After Labor Day, work picked up at my office, so I haven’t had a chance to blog as much as I’ve wanted to. I have been keeping notes, however, on a ragged piece of paper I carry around in my backpack. I have notes on Sarah Palin, the importance of unstructured play, and my thoughts on Obama’s health plan.

I even had some notes on taxes and the economy.

Hmm. Looks like those won’t be much use to me now. What with the Treasury Department asking for trillions of dollars and offering only their “word” that they won’t blow it all on girls and coke.

To some people, it must seem that the folding of the big investment banks and the resulting bail-out have nothing to do with them. Most people don’t have major investments or stocks or a big CEO nameplate on their desk. But if Reagan’s trickle-down economy delusion had any truth to it, we’ll all soon be seeing even thinner wallets. The big guys’ credit crunch will impact the slightly smaller banks that loan to the retail industries that employ most of America, as well as the little banks that loan money to regular people for cars, small businesses, repairs and houses. Lack of credit means us working people won’t be able to make up the difference between what we need to spend and what we can spend.

With wages being stagnant for much longer than they should have been, most Americans have been relying on credit to get them through. And the U.S. economy has relied on every American, rich and poor, to spend money they don’t have. Without credit, that consumer life jacket disappears.

It irks me (in polite terms) that Republicans/fiscal conservatives/whatever-they-are-calling-themselves-these-days believe that a free market, with less government intervention and regulation will somehow work better.

Work better for who?

Corporations are only beholden to their stockholders. No one else. At all. Not their local communities, not voters, not citizens, not their workers. They have a bottom line and a profit margin, neither of which take into account the value of a life well-lived. You know, one with quality childcare, quality senior care, affordable health insurance, family leave, quality education, civic services that provide water, roads, electricity and other “amenities,” such as buildings for churches, hospitals and schools.

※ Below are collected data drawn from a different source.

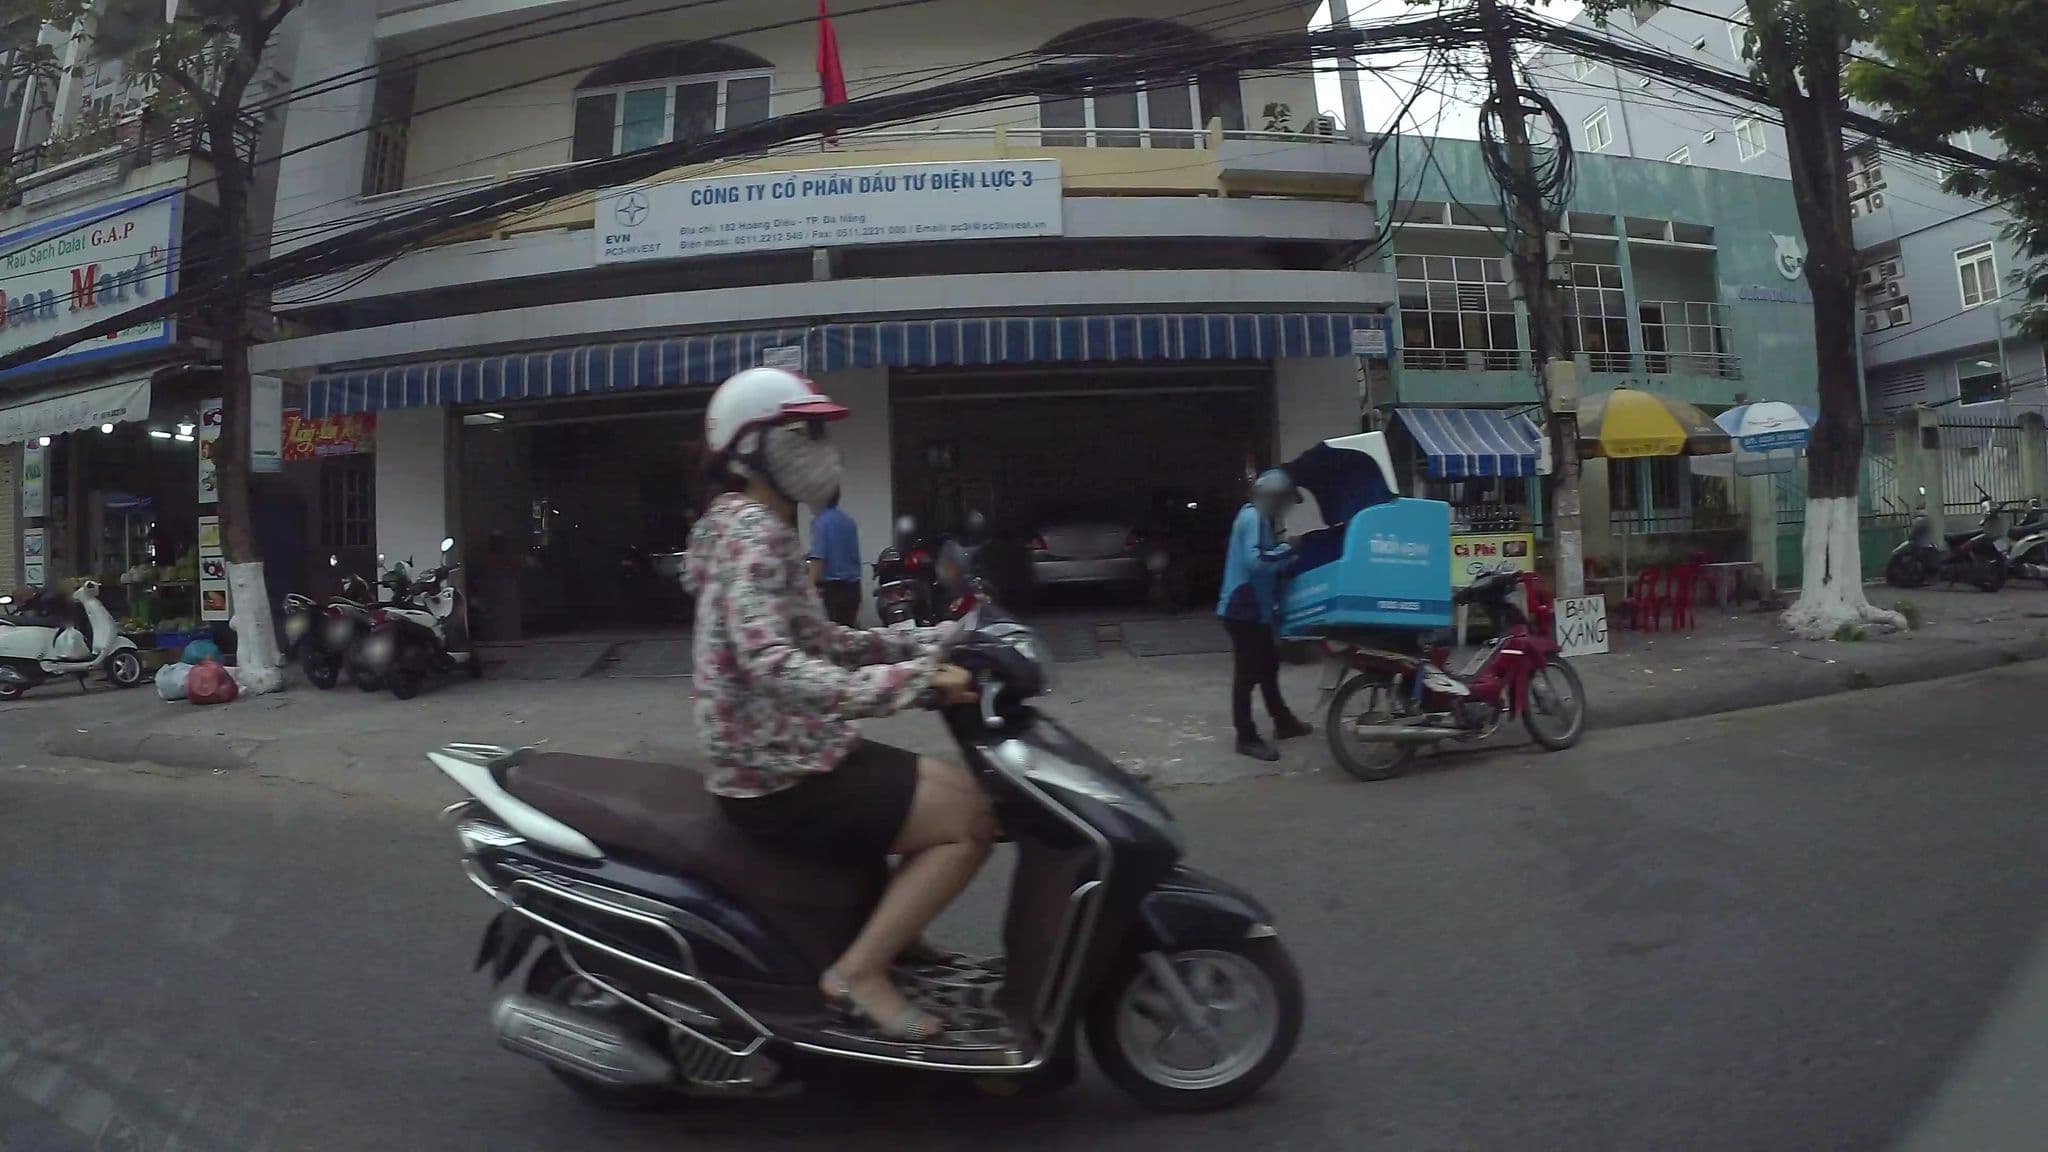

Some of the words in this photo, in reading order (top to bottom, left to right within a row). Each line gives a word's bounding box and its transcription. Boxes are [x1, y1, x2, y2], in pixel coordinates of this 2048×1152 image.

[691, 185, 739, 206] CÔNG
[746, 183, 765, 201] TY
[903, 172, 927, 191] TƯ
[931, 169, 975, 193] ĐIỆN
[981, 169, 1015, 192] LỰC
[1022, 170, 1033, 187] 3
[7, 254, 26, 269] Rau
[91, 222, 135, 247] G.A.P
[606, 234, 630, 244] EVN
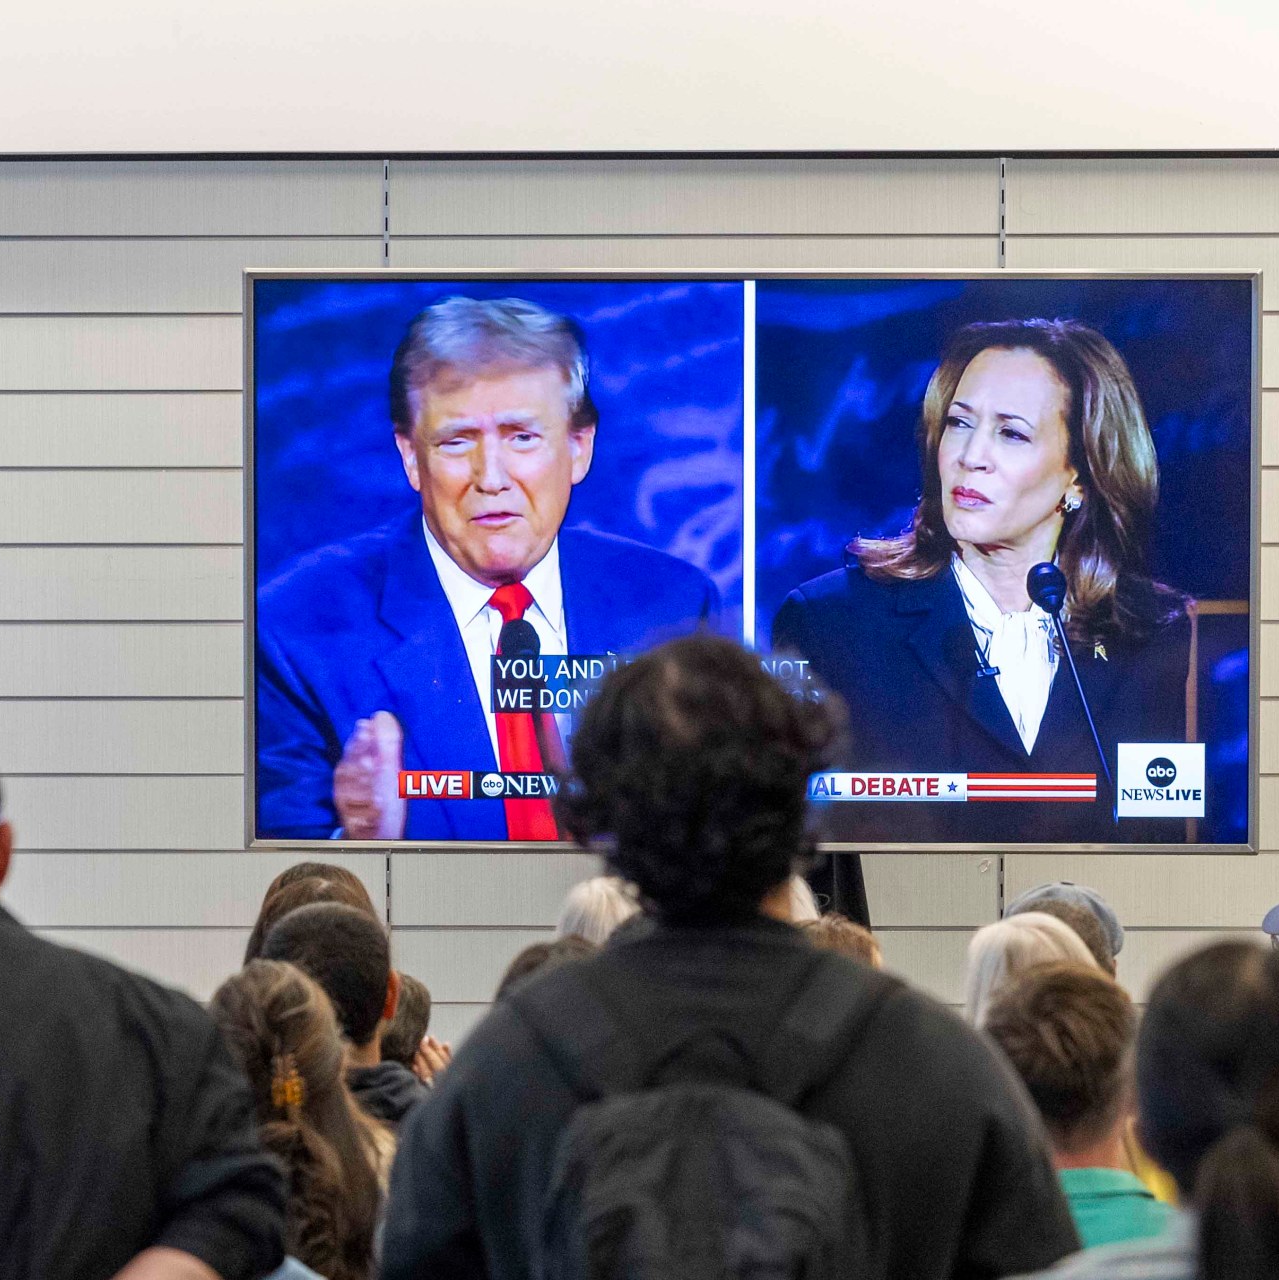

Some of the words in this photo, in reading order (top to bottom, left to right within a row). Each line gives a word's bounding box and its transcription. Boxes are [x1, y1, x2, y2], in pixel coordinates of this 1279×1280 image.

[495, 659, 549, 683] YOU,
[554, 659, 605, 679] AND
[760, 660, 812, 680] NOT.
[496, 688, 533, 709] WE
[406, 774, 463, 796] LIVE
[504, 775, 565, 796] NEW
[851, 777, 940, 796] DEBATE

There must be some Libertarian or Republican out there who can give me a good argument for why government is “bad.” From where I stand—merely a citizen, not a stockholder—I’d rather have a democratic government run my country. Because, at least in theory, I have a say in a government that’s for the people and by the people. I can’t hold corporations accountable, but I can vote, run for office, start petitions, volunteer or do as my husband does and spread the word of “good government” on the internet.

Us taxpayers are going to bail out these companies, it seems, with hard-earned money we can’t spare. But hopefully Congress will have the common sense not to bail out CEO salaries and to give a little money back to the homeowners who also need assistance. And, if they’re really smart, they’ll throw in a government organization that will hold corporations—and their lobbyist-loving cronies—accountable for this welfare handout their getting.

Then, after Congress has created 11.3 trillion dollars in debt, maybe they can think about ways to invest in the people who will—or will not—be voting for them.

Yes, I’ll take a hand-out. Write my check out to universal health care, please.